First day today to post! I just got through restoring a '77 C10 (still have to paint bed) and will finish a '65 F100 by the end of February. 

I bought a 66 LeMans last week, old lady had a cover sitting over it under a carport. I passed it everyday on the way to work. She was out last week and was trying to lift some boxes in her driveway and I thought to myself, "Self.... here is your chance". So, I got out asked her if I could help and she said yes. I told her I was a car/truck guy and wanted to know what was under the tarp. It was her son's first car (1966 Lemans) and she asked ME if I would like to buy it since her son had passed 10 years ago in a car wreck and she didn't have any family. I asked her to give me a price and she said $1000 because the last time she talked about the car, it wouldn't run. So, I looked it over and told her it was worth at least $2000 so we settled. 

With that said, I go to pick it up from my Dad's house in a few weeks after I get the Ford finished. I have read through this forum and have an idea of where to start. She had to file for title (called me yesterday and got it in the mail) So I will have VIN info soon. 
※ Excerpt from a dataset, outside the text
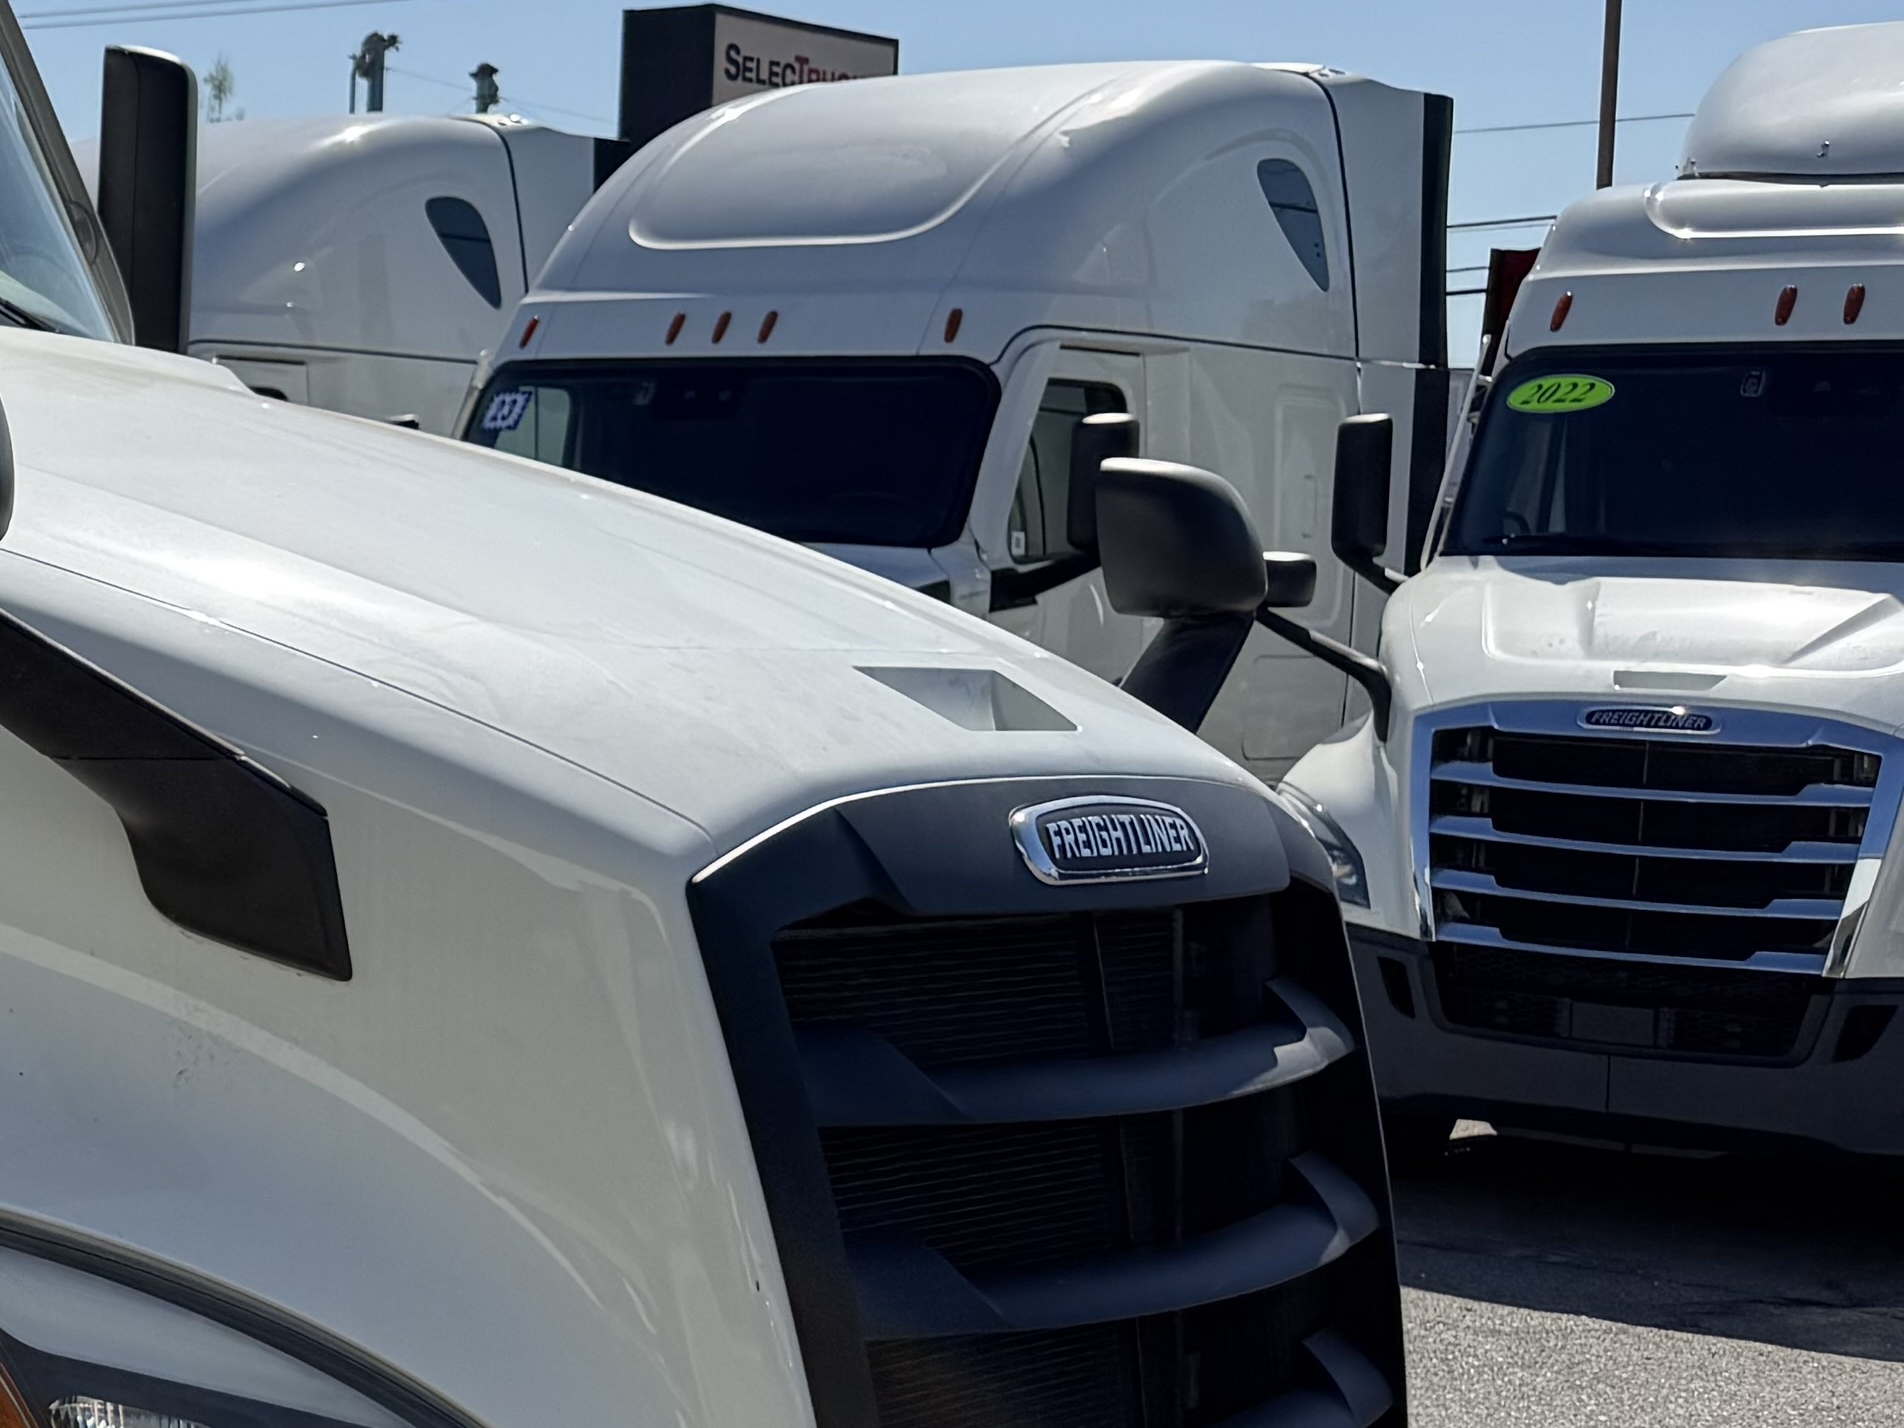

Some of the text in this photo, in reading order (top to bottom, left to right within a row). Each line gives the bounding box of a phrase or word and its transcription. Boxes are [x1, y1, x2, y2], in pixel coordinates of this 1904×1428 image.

[1519, 381, 1596, 405] 2022
[1592, 711, 1706, 729] FREIGHTLINER
[1045, 814, 1194, 859] FREIGHTLINER
Just wanted to say hello and I'm sure I WILL have a lot of question and look for suggestions on full resto or go resto-mod.


----------



## GTOJUNIOR (Aug 7, 2011)

WELCOME to the board! 
Looks like you did good. And Kudos for being fair with her.
Also, looks like an OHC 6 Fender Badge, Is it?


----------



## Dizzyphil (12 mo ago)

Thanks for that. She didn't know and there is NO rust on it but, the motor was locked up. Anyway, I think her son wanted to 'GTO' the car... I believe it to be a Lemans based on the fenders. It does have the GTO hood, and the QP's do have the GTO badges on each side but, a drill and buying some badges doesn't make it a GTO. I will know once I get the Title/VIN. But - I do not believe by reading some of the Forum info that the VIN will tell me if it is a true GTO... I still think the front fenders (metal fins) give it away. But, to me - Who really cares??? I HAVE a '66 Pontiac Lemans!!!!

I will need help on the color (options and ideas from the Forum).... Thinking 'Plum Crazy'.... I did 'old school' SS Enamel on my wife's truck. But, I will probably do BC/CC on the Lemans. I was thinking of adding just a little silver flake if I go Purple... still don't know yet.
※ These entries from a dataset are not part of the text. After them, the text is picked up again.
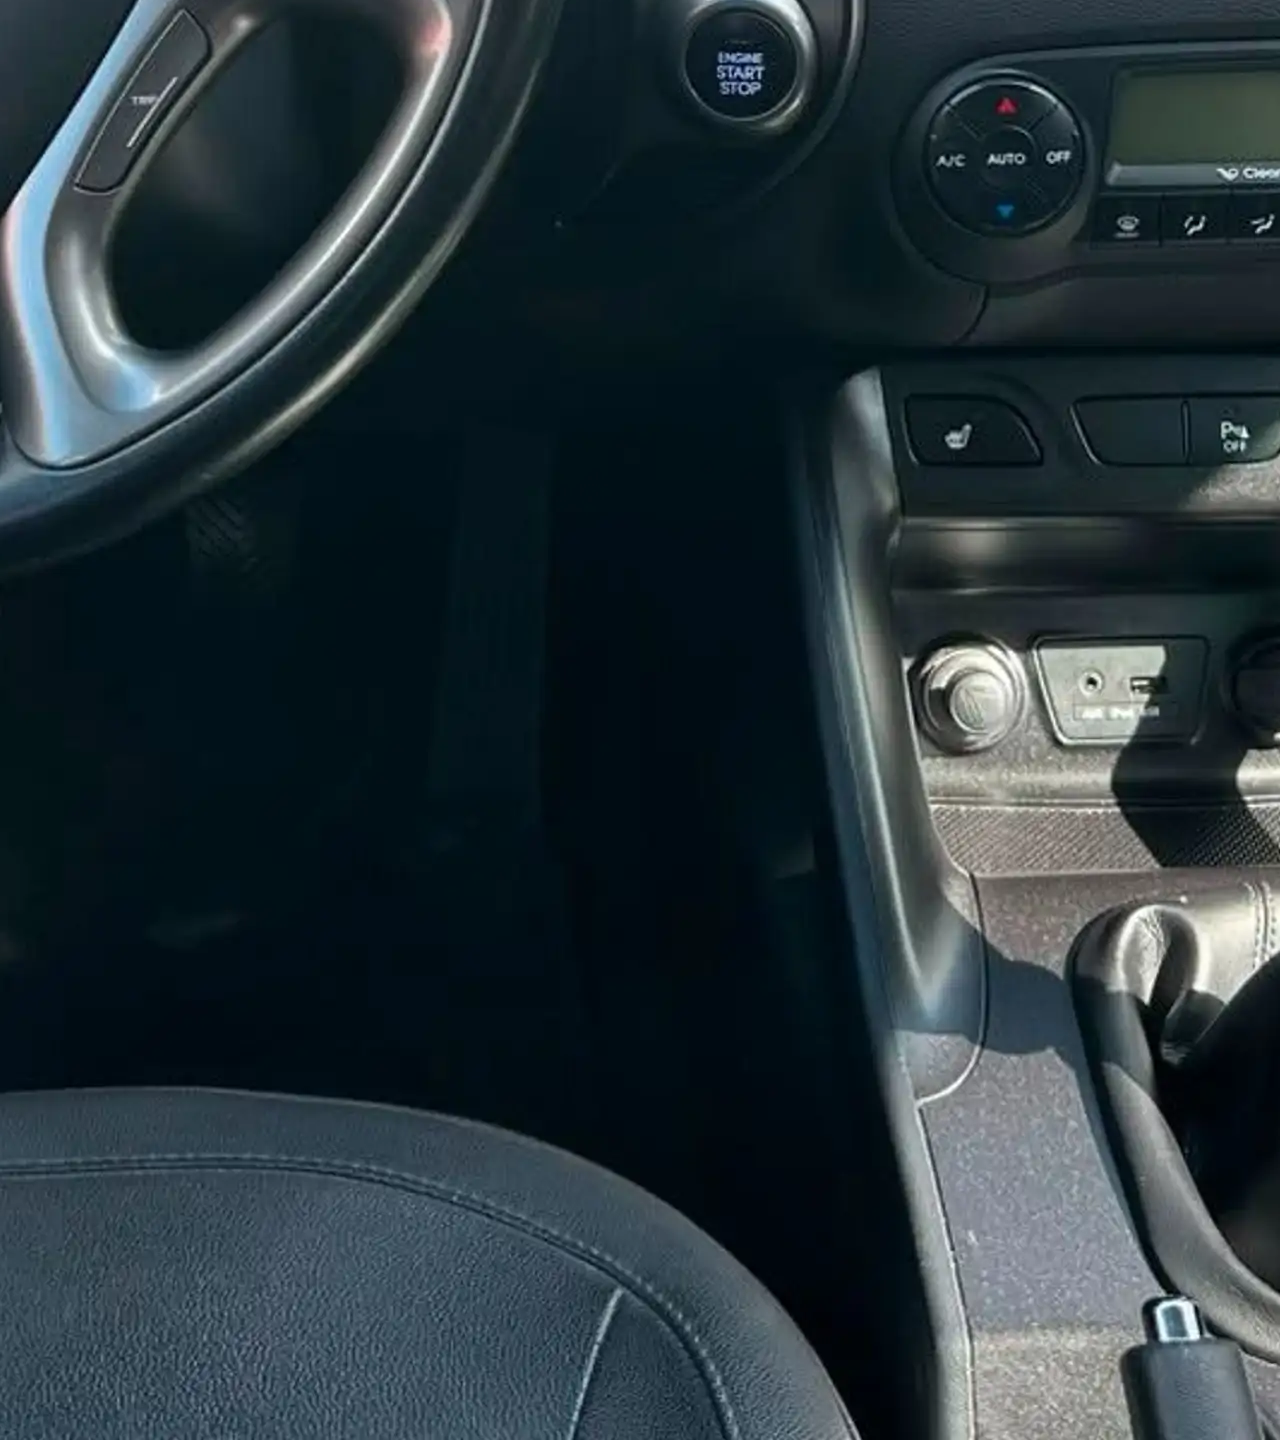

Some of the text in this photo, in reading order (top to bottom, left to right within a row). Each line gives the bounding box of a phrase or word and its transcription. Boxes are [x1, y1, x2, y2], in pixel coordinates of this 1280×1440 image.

[718, 52, 764, 64] ENGINE
[716, 65, 765, 80] START
[720, 82, 762, 95] STOP
[936, 154, 966, 168] A/C
[987, 153, 1027, 166] AUTO
[1045, 150, 1072, 165] OFF
here are some pics of the '77.... finishing it up at the house garage. Will be road-ready next weekend. Was going to do it this weekend but, we have snow today and tomorrow.


----------



## GTOJUNIOR (Aug 7, 2011)

No dought it might be a '66 Lemans, and nothing wrong with that  
Those lower emblems tell me it was/is an OHC car and again, nothing wrong with that as well 😀


----------



## Sick467 (Oct 29, 2019)

Welcome to the club from another GM truck fan (72 C10 and an 85 K20 here), and kudos on the low dollar project start. I'd bet the car is worth more than the up'd price you gave. It was certainly a win-win for both parties. Good thing I didn't find it first...I don't need another project, but it would be in my garage just the same, very cool car!

The 72 C10 with a Pontiac 400 under the hood...



















And the 85 after it's yearly wash and wax...


----------



## 1969GPSJ (Feb 26, 2020)

I have always like the Iris Mist on those bodies , looks like a good start


----------



## GTOJUNIOR (Aug 7, 2011)

Looks like it's Factory Burgandy or close to it.
Being a Sports Coupe makes it for me


----------



## redhotgto66 (Sep 11, 2021)

welcome t othe group, i started ogg in a 67 lemans and had 7 differrent 67-72 chevy trucks also ! 
if you read the 1st 3 numbers in the vin, which is on the door frame drivers side you will know what it is..
242 for a gto and 237 for a lemans, 235 for a tempest, good luck and hope to see ya round here more.


----------